赤星鉄馬「消えた富豪」の「消えなかった邸宅」へ :2
(承前)
旧赤星鉄馬邸は、JR中央線の吉祥寺駅から北西へ徒歩15分ほど、成蹊大学の目と鼻の先のところにある。
なんでも、成蹊学園の教育理念に賛同した鉄馬が、子どもたちを通わせるべくこの地を選んだのだという。
学園のパトロン・岩崎小彌太と鉄馬とは昵懇であった。鉄馬がもともと住んでいた麻布鳥居坂の地所は小彌太が取得し、本邸を築いている(現・国際文化会館)。
当時、吉祥寺界隈までは開発が及んでおらず、この邸宅は片田舎に営まれた「カントリー・ハウス」といった趣だった。鉄馬の趣味は乗馬。
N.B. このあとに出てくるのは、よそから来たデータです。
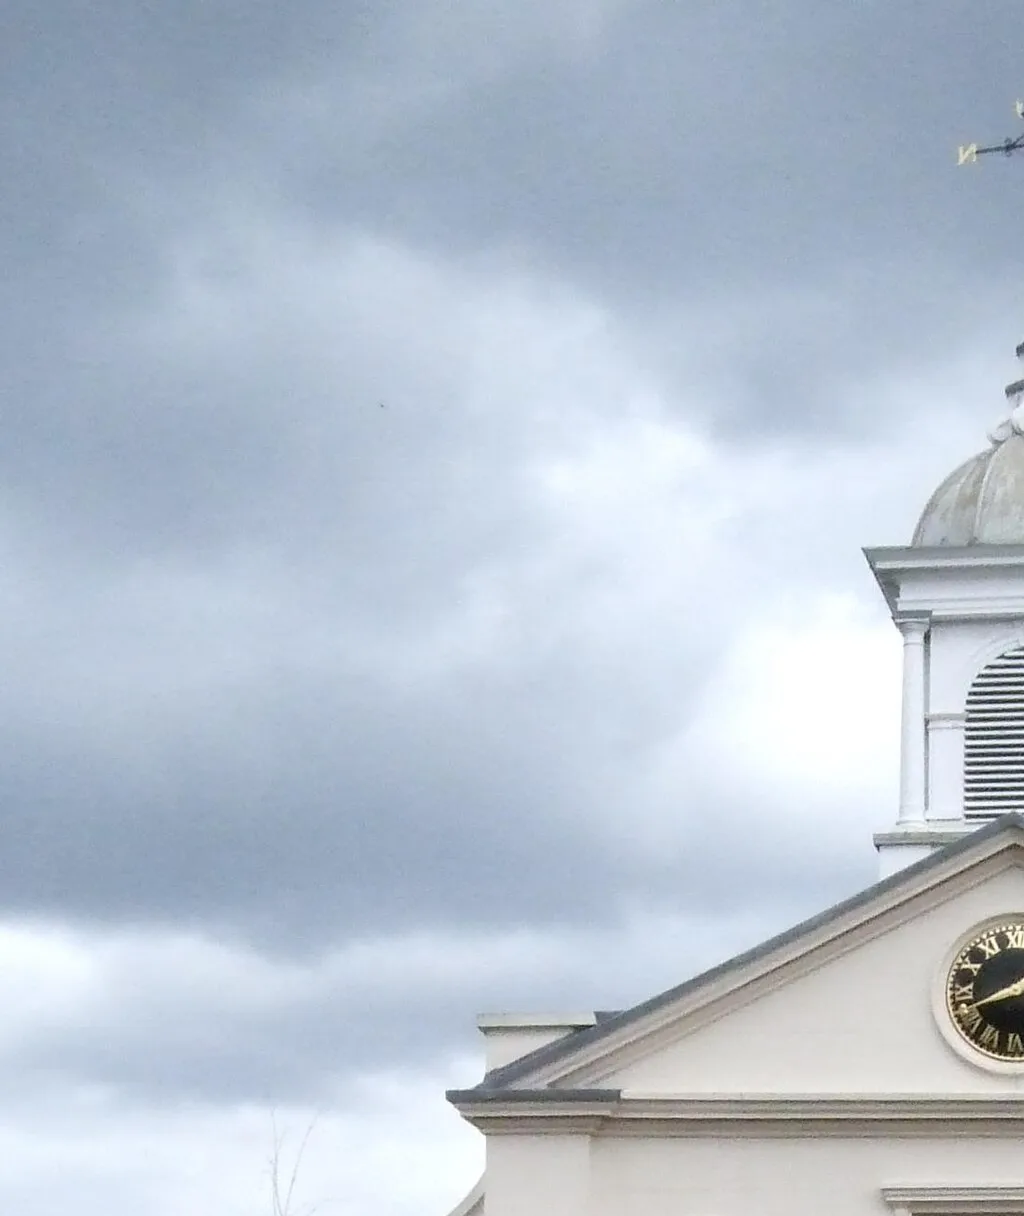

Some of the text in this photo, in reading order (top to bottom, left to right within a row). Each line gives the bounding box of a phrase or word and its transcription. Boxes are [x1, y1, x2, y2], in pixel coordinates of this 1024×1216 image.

[976, 936, 1002, 960] XI
[960, 956, 983, 977] X
[954, 982, 974, 1001] IX
[1007, 1032, 1024, 1052] VI
愛馬に跨って、存分に武蔵野を駆けたことだろう。
原野や田んぼ、畑に代わって、現在は戸建ての住宅が広がる。小刻みに分割された宅地のなか、ひときわ大きな区画が旧赤星鉄馬邸。その長いコンクリート塀に沿って、大行列ができていた。まさか、これほどの盛況とは!
若くして渡米し、乗馬に魚釣り、ゴルフをたしなんだ鉄馬には、父・弥之助とは異なり、茶の湯の趣味がなかった。父没後のコレクションの売立から、17年の歳月を経てもいる。
光にあふれた、垢抜けた生活空間となっているこのモダニズムの邸宅は、現当主にして施主であった鉄馬のカラーが全面に出たものなのだろう。
鉄馬が唯一親しんだ古美術は、刀剣であった。武士の血やその子孫たる誇りは、アメリカ帰りの鉄馬にも残っていたのだ。
評伝『赤星鉄馬 消えた富豪』には、気がかりな記述がある。
この2口の太刀は、それぞれ昭和10年と11年に国宝となっていたようである。
ということは、あくまで戦前の「旧国宝」。現在の国宝とイコールの場合もあるが、そうではない可能性のほうが高い。
調べてみると、現在は「銘国行」が個人蔵、「銘国光」が静嘉堂文庫美術館蔵で、ともに重文指定となっていた。
ともかく、この吉祥寺の邸宅に、重文の2口をはじめとする名刀が、あまた保管されていたようである。
鉄馬が、抜き身の名刀をじっとながめたり、ポンポンと手入れしたりといった光景が、往時のこの家では日常的にみられたことだろう。